Our TV critic is feeling unusually lucky this year. Here are his major-award picks.

Michael Douglas, "Behind the Candelabra"
Michael Douglas, "Behind the Candelabra" CLAUDETTE BARIUS / HBO
Michael Douglas, "Behind the Candelabra" Gallery: Emmys: He's got 'em

It's a sad commentary on the Emmy Awards, given how much time I spend in front of the TV set, that I'm far more successful at picking the winners of the Academy Awards year after year.

But not surprising. The Oscars are by and large based on merit. The Emmys take their cues from a volatile mix of whimsy and folly.
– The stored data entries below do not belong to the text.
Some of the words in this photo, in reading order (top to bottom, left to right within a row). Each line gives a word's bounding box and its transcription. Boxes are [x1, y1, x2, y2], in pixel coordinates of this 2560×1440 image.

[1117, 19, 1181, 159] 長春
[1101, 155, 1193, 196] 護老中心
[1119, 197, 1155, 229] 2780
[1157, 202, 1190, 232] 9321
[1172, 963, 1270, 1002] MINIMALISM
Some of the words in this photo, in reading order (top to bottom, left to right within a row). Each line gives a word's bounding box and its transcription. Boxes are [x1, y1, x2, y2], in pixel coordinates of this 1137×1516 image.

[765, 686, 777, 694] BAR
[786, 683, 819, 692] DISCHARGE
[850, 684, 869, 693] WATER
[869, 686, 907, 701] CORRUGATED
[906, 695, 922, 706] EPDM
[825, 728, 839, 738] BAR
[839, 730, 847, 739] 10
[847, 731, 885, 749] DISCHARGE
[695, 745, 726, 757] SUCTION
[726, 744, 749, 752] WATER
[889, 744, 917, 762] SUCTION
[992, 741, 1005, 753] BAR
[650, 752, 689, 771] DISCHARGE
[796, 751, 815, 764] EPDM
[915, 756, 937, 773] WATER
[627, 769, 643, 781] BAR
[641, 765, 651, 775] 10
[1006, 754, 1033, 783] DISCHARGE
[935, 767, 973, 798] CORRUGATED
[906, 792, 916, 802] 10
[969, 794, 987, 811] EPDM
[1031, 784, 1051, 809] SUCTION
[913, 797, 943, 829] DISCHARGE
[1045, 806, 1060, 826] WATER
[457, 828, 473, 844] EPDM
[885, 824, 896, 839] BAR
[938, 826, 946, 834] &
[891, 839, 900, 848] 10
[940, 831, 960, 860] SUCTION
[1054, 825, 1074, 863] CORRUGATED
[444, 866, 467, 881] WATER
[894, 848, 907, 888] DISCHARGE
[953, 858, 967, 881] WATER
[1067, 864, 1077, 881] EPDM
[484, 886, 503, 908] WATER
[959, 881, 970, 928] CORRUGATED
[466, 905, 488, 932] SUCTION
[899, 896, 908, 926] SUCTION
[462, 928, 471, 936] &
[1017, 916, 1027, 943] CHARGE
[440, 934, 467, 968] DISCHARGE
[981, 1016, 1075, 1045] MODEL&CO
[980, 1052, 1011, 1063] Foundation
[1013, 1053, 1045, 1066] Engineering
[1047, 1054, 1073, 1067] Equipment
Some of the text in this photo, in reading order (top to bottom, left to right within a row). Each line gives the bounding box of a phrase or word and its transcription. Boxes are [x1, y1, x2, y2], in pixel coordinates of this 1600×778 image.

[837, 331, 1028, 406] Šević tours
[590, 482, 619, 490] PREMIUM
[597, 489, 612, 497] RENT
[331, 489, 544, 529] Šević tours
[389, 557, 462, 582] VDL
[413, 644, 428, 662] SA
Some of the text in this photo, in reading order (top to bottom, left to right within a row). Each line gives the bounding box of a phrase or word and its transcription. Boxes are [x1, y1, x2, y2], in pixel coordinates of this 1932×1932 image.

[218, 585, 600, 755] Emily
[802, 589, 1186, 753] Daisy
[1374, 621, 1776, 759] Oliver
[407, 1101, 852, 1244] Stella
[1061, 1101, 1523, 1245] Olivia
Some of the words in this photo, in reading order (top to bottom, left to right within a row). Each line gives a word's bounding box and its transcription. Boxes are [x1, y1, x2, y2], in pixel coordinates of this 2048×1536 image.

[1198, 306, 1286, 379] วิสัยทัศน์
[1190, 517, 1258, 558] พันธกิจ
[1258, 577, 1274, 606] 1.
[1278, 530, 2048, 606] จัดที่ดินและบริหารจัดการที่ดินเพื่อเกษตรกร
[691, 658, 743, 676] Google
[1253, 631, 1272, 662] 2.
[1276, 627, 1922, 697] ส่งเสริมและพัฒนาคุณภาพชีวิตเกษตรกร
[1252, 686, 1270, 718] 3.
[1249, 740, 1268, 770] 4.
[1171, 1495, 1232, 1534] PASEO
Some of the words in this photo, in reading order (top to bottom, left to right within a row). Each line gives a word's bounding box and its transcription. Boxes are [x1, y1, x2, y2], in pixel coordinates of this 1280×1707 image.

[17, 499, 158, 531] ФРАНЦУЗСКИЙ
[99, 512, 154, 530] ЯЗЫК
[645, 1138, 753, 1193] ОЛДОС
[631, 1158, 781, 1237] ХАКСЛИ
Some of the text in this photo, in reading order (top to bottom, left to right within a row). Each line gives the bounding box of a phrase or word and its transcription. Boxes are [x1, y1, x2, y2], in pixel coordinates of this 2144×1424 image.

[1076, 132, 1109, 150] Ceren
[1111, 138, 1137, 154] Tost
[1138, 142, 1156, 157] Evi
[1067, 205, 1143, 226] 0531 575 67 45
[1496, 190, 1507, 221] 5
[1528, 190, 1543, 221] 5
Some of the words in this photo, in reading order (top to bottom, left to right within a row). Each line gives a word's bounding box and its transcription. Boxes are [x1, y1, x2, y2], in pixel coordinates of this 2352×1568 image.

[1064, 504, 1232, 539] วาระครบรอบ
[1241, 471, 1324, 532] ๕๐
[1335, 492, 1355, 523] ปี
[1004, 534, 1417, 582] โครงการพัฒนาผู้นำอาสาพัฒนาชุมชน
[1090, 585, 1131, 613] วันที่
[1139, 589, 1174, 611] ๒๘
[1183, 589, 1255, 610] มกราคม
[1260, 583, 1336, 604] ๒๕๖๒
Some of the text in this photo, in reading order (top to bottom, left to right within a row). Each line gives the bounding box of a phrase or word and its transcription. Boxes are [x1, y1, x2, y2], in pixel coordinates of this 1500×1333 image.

Yet this time around, I'm unusually confident about my predictions. (I'm contractually obligated by the TV Critics Guild to say that every year.) So here's what to expect Sunday night (8 o'clock, CBS3) in the major categories.

 

Mini-series or movie

American Horror Story: Asylum

Behind the Candelabra

Phil Spector

Political Animals

The Bible

Top of the Lake

Having just mocked the capriciousness of the Emmys, I should point out that there is one absolute lock on Sunday: Steven Soderbergh's gloriously gaudy Liberace orgy, Behind the Candelabra. The coronation that began at last week's Creative Arts Emmys (with eight wins for Candelebra) continues.

 

Lead actor in a mini-series or movie

Michael Douglas, Behind the Candelabra

Matt Damon, Behind the Candelabra

Benedict Cumberbatch, Parade's End

Toby Jones, The Girl

Al Pacino, Phil Spector

It's Douglas. Book it, Dano. And deservedly so for his towering, no-net portrayal of the discordant maestro. It's a shame, though, because I would give anything to see Pacino put on that fright wig one more time.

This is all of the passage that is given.